I hate being patronized. Treated with a gentle smile and empty eyes and insincere words. It happens in only one area of my life, because as a flutist and teacher and writer and volunteer I am treated with more respect.
Or rather, a female parent.
As a female parent I am patted on the head when I issue concerns about my sons, one son in particular. I am seen as over involved, indulgent, and crafting elaborate mountains out of tiny little molehills. Ignorant of the “true facts,” I am a pest, something to be indulged briefly and then shooed away or ignored. It happened when I issued concerns about my son’s academic needs and it is happening again as I issue concerns about my son’s health.
He is an out of the box child in every sense, and if there is no box in which to file his complex issues, then obviously there are no issues whatsoever. Can’t have a problem if there’s no place to put it, right?

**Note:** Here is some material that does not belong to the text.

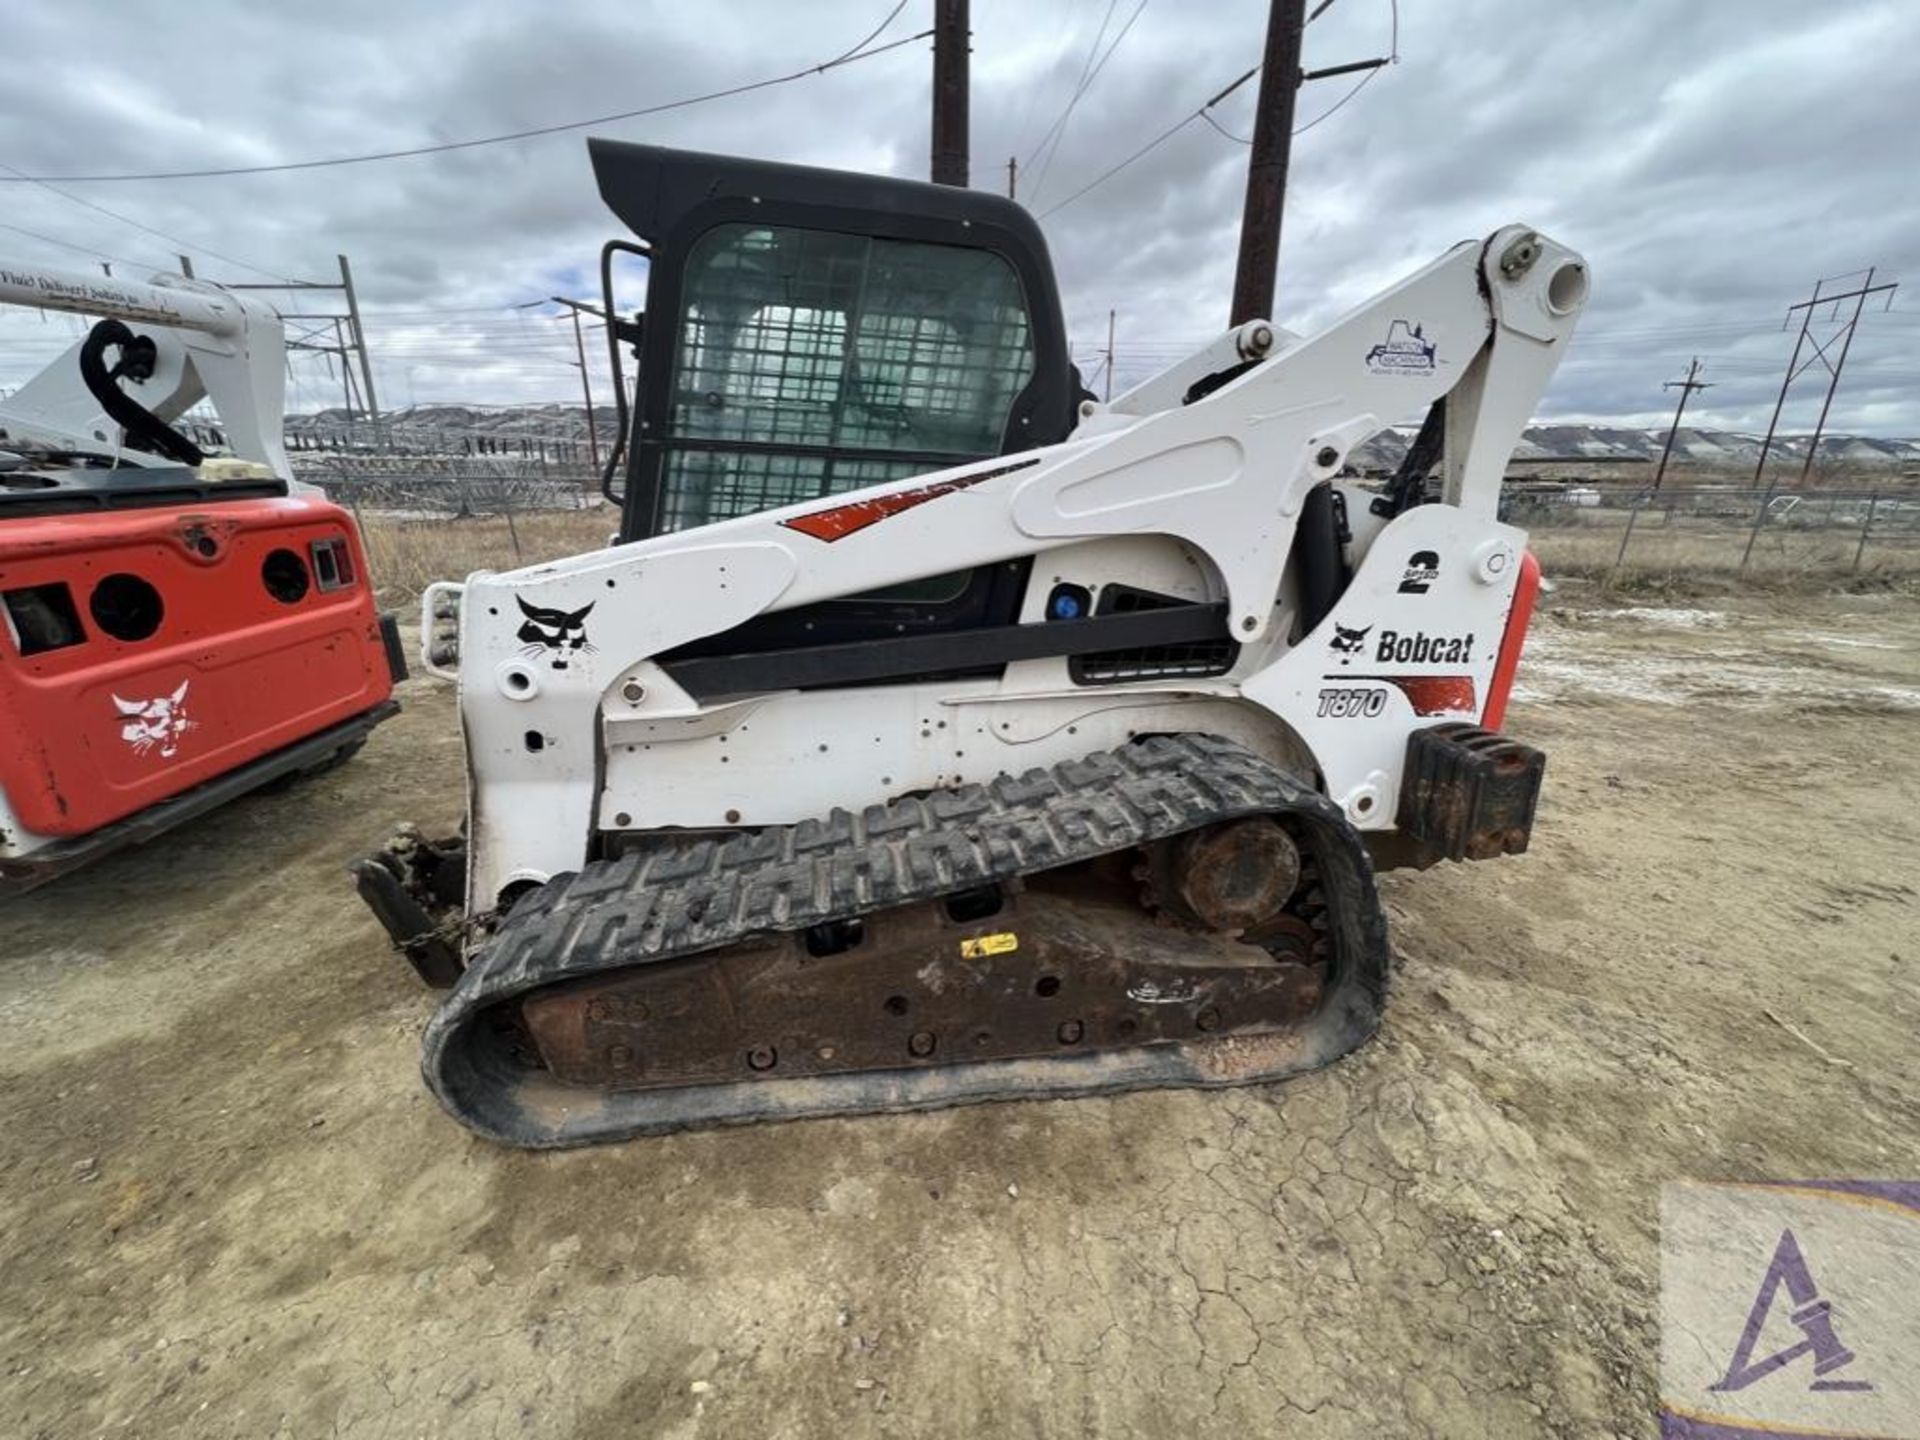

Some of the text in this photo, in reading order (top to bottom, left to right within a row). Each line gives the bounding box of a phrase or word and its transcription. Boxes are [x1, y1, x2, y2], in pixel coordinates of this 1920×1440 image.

We’ve gone DIY on his education (hey! look! problems faded once we kicked the box to the curb!), and pretty soon may need to go DIY on his health as well. The doctor seems to think that a 12 year old who is the same size as his 9 year old brother isn’t a problem; I see a child who fell off the growth chart this year and think there’s a huge problem. So he’s going through the motions to prove there’s nothing wrong with my son; blood tests that come back within normal range and referrals to specialists and condescending conversations. Because what do I know? I’m only a homeschooling mom.
I’m sick of my entire life being DIY, and not even the fun DIY of fixing up the house. We have no money for that kind of fun DIY because we’ve been sucked dry by the unfun DIY. This is parenting without a net, and I am angry. I am angry that the resources that are supposed to be available to my family continue to fail us. The schools couldn’t help my son, western medicine says there’s nothing wrong with him, and I am left trying to pick up the pieces and glue them back into place. The stress and confusion and pain and drama of the last several years were all exacerbated by the fact that there is no social safety net, or it’s there with ripped holes and we fall through when we need its help the most.
There are no vacations, there are no special treats, there are no
keep this house from falling down home improvement projects, because all efforts and resources have to be thrown into weaving a net for ourselves. From education to medicine to corporate responsibility to the food supply, we’ve been failed. We are bootstrap people, but our boots are worn and the straps are frayed.
So when the Powers That Be wonder why more parents can’t and don’t get involved in more widespread gifted advocacy, I hope they run across this post. I do what I can, but I’m too busy gluing the pieces of my family back together and trying to weave a safety net for the future.
Parenting without a net is a dangerous high-wire act, and it’s taking a toll on far too many families. It’s taken a toll on ours. So don’t patronize me as I weave my safety net. I can’t afford to miss a step.